━━━ Supplied entries ━━━

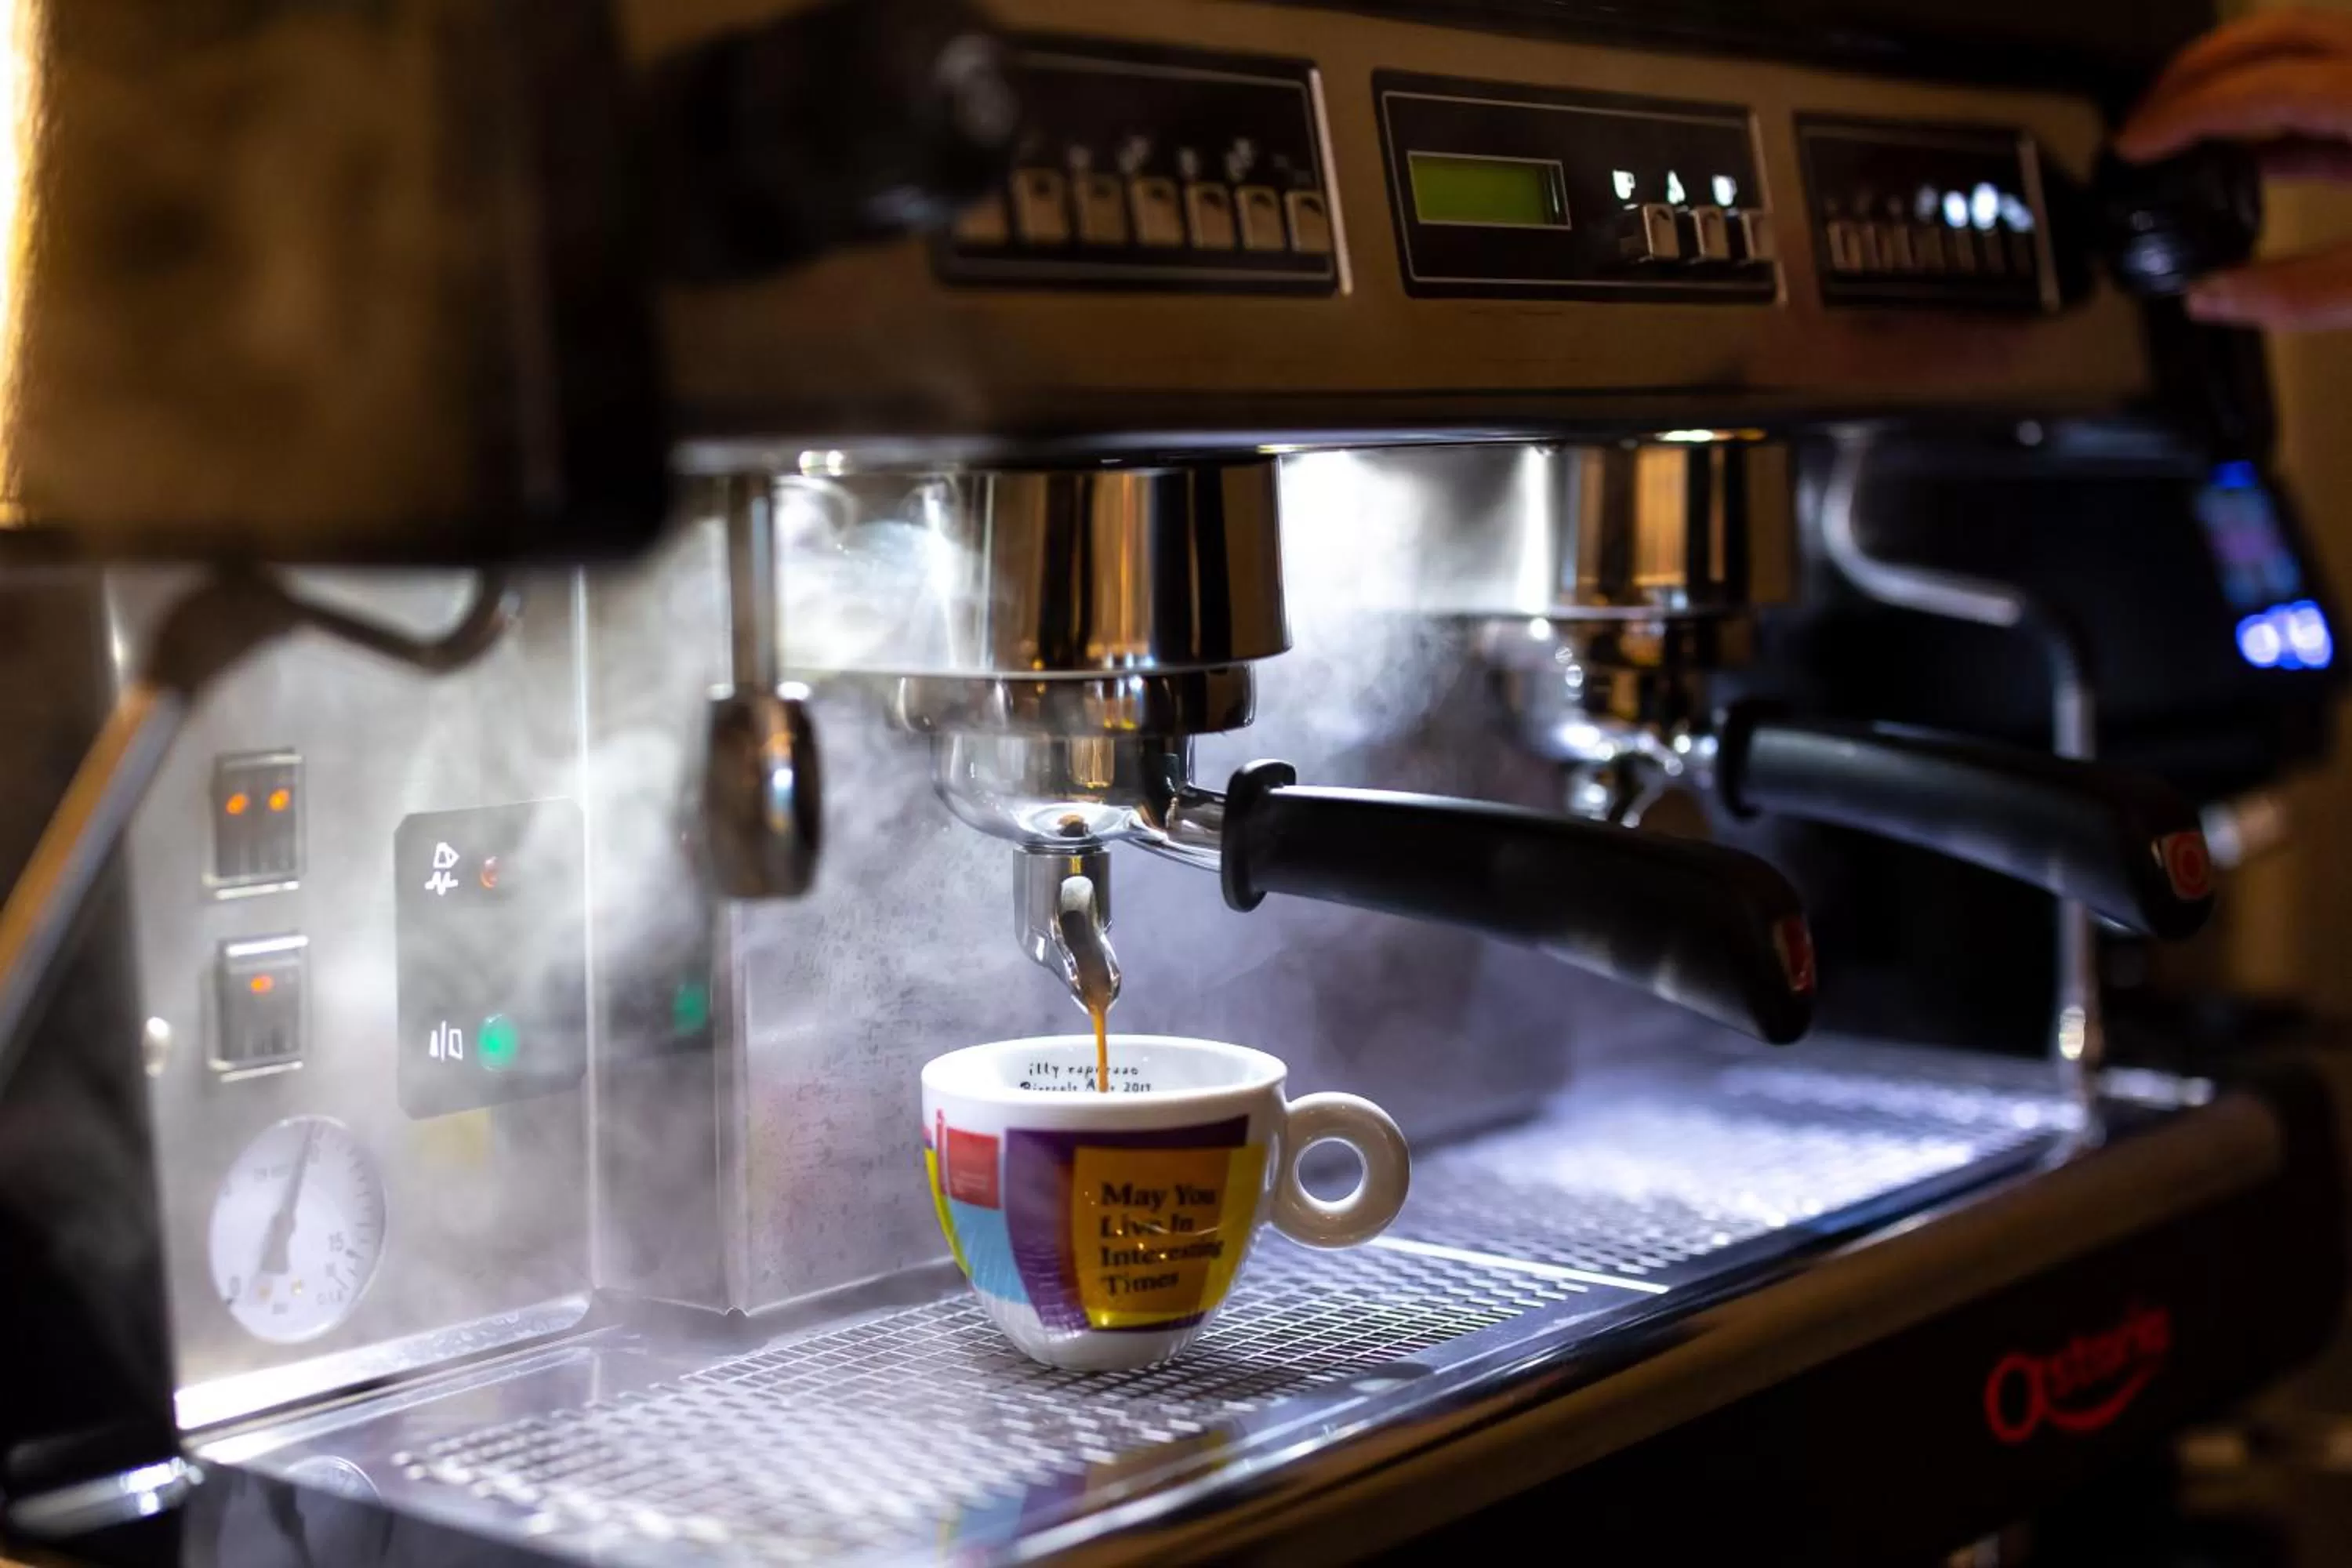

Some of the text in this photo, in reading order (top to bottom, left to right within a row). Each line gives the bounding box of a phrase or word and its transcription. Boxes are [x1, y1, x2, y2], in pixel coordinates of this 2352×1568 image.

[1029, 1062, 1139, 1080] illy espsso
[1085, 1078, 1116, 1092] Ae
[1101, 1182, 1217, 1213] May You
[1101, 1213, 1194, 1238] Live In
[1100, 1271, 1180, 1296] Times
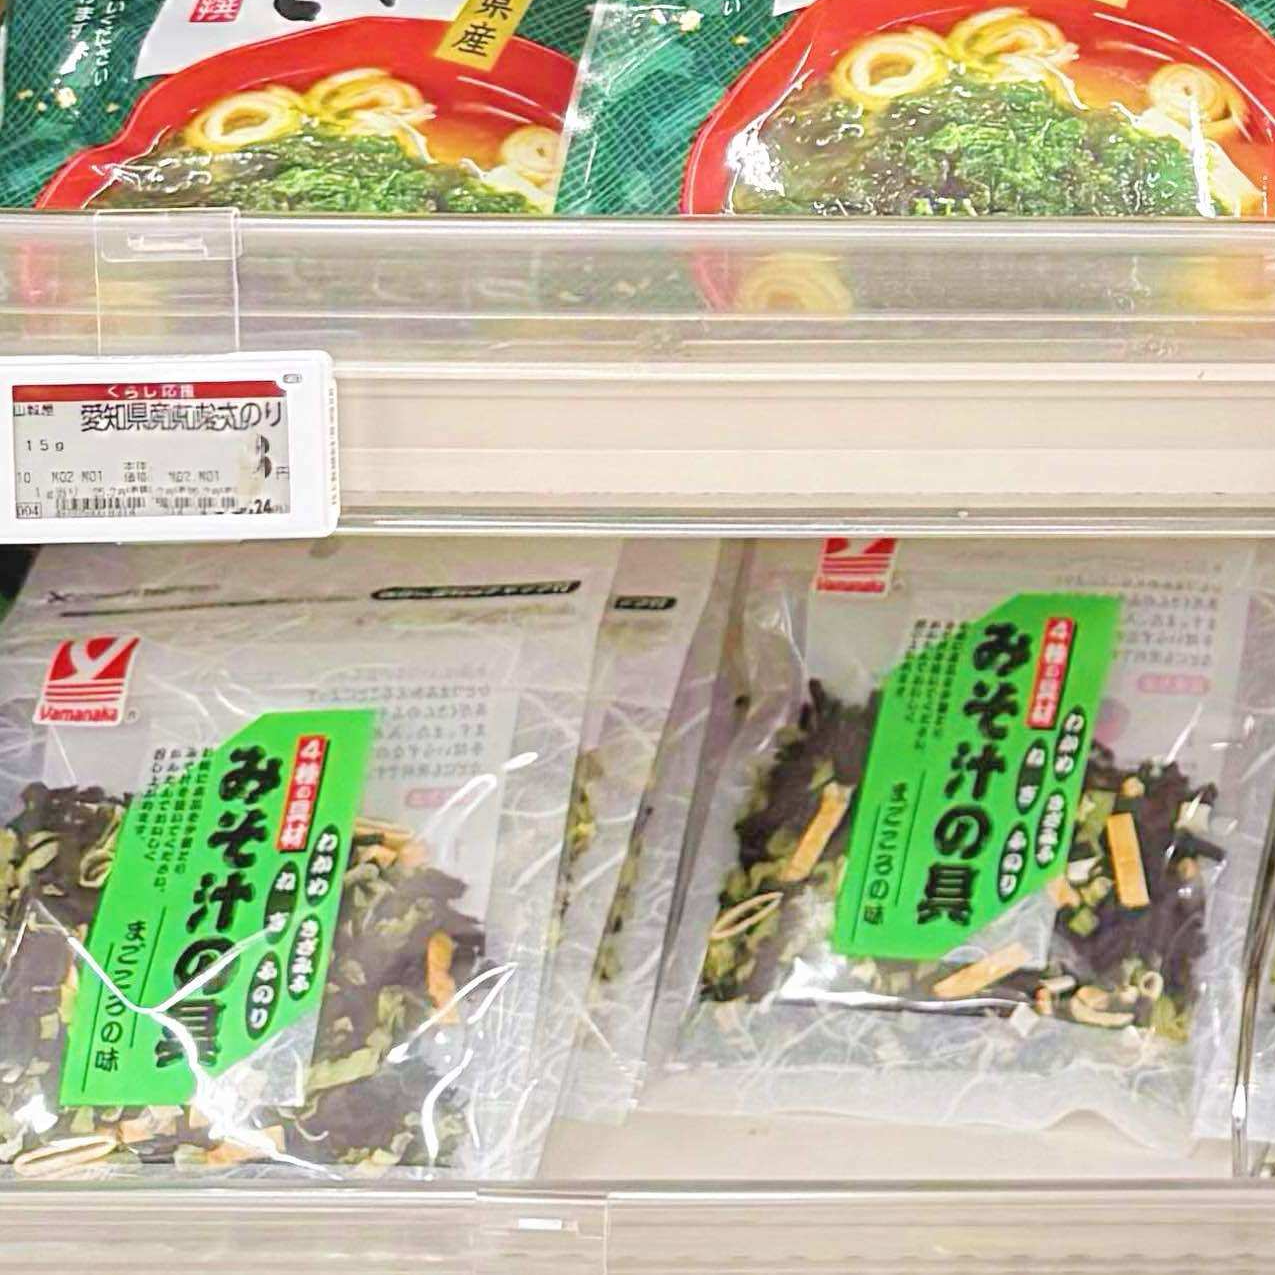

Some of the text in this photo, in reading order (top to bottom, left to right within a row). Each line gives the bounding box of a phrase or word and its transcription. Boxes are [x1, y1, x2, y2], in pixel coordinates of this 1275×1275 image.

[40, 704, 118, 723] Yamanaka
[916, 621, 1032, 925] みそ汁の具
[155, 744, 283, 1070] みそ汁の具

━━━

_Exercise directions_
From the material above, set down each entry exactly, but exclude the pictures.

_Exercise response_
Some of the text in this photo, in reading order (top to bottom, left to right within a row). Each line gives the bounding box of a phrase or word and its transcription. Boxes are [x1, y1, x2, y2], in pixel coordinates of this 2352×1568 image.

[1029, 1062, 1139, 1080] illy espsso
[1085, 1078, 1116, 1092] Ae
[1101, 1182, 1217, 1213] May You
[1101, 1213, 1194, 1238] Live In
[1100, 1271, 1180, 1296] Times

Some of the text in this photo, in reading order (top to bottom, left to right within a row). Each line gives the bounding box of a phrase or word and its transcription. Boxes are [x1, y1, x2, y2], in pixel coordinates of this 1275×1275 image.

[40, 704, 118, 723] Yamanaka
[916, 621, 1032, 925] みそ汁の具
[155, 744, 283, 1070] みそ汁の具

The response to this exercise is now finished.